**EXCERPTED RECORDS**
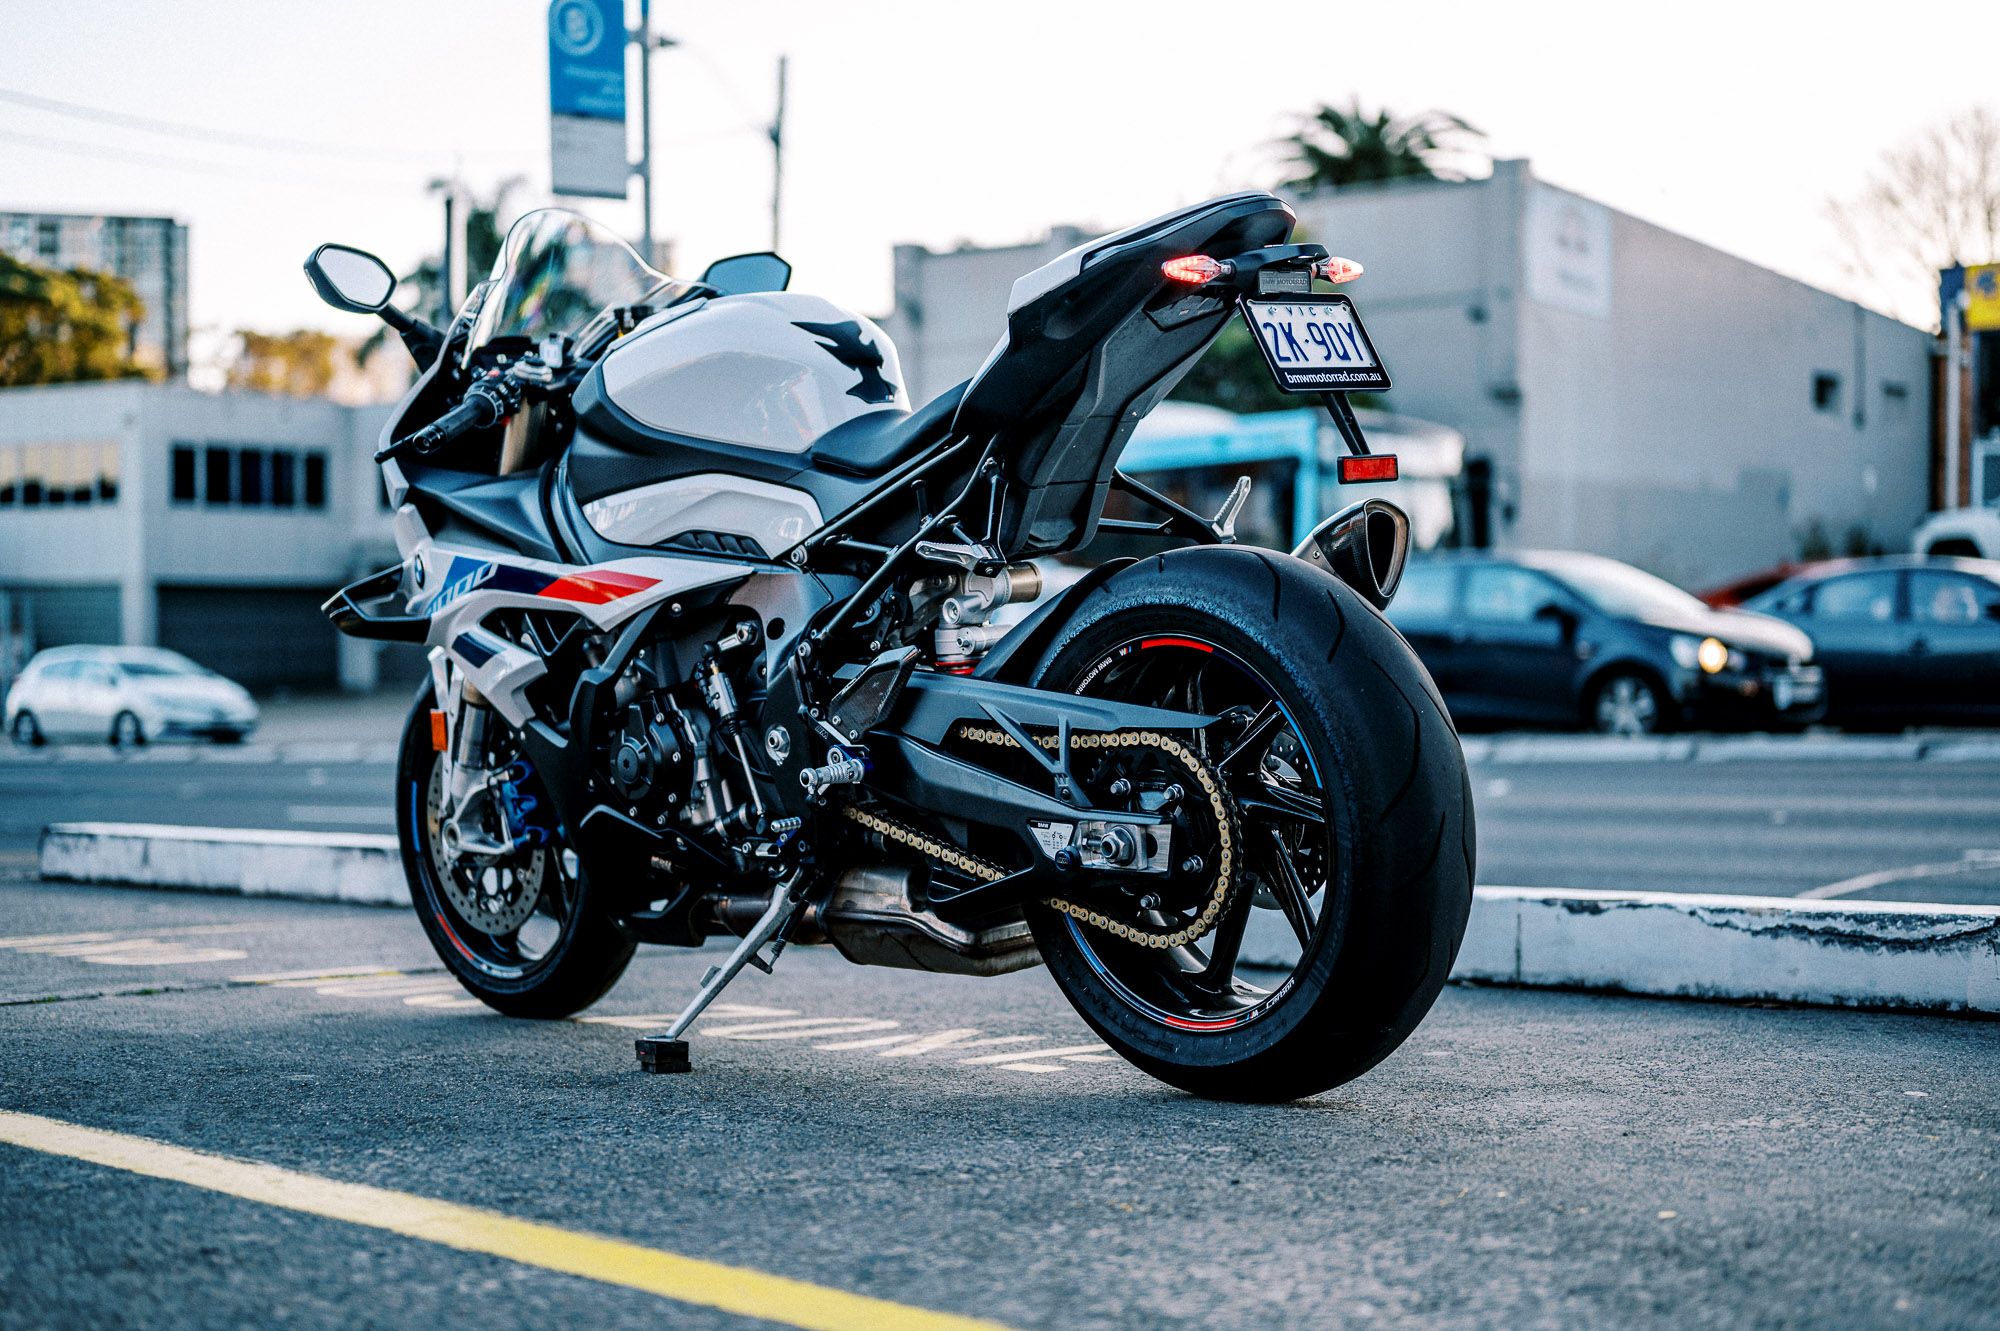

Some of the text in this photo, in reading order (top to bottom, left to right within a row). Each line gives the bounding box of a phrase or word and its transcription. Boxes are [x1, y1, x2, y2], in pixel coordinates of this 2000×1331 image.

[1286, 306, 1317, 316] VIC
[1285, 371, 1382, 383] bmwmotorrad.com.au
[1097, 656, 1113, 671] BMW
[1074, 667, 1099, 695] MOTORRA
[1266, 976, 1295, 1010] Carbon

**INSTRUCTIONS TO FOLLOW**
Each line above is to be transcribed exactly, though its pictures are not.

**EXPECTED OUTPUT**
Some of the text in this photo, in reading order (top to bottom, left to right within a row). Each line gives the bounding box of a phrase or word and its transcription. Boxes are [x1, y1, x2, y2], in pixel coordinates of this 2000×1331 image.

[1286, 306, 1317, 316] VIC
[1285, 371, 1382, 383] bmwmotorrad.com.au
[1097, 656, 1113, 671] BMW
[1074, 667, 1099, 695] MOTORRA
[1266, 976, 1295, 1010] Carbon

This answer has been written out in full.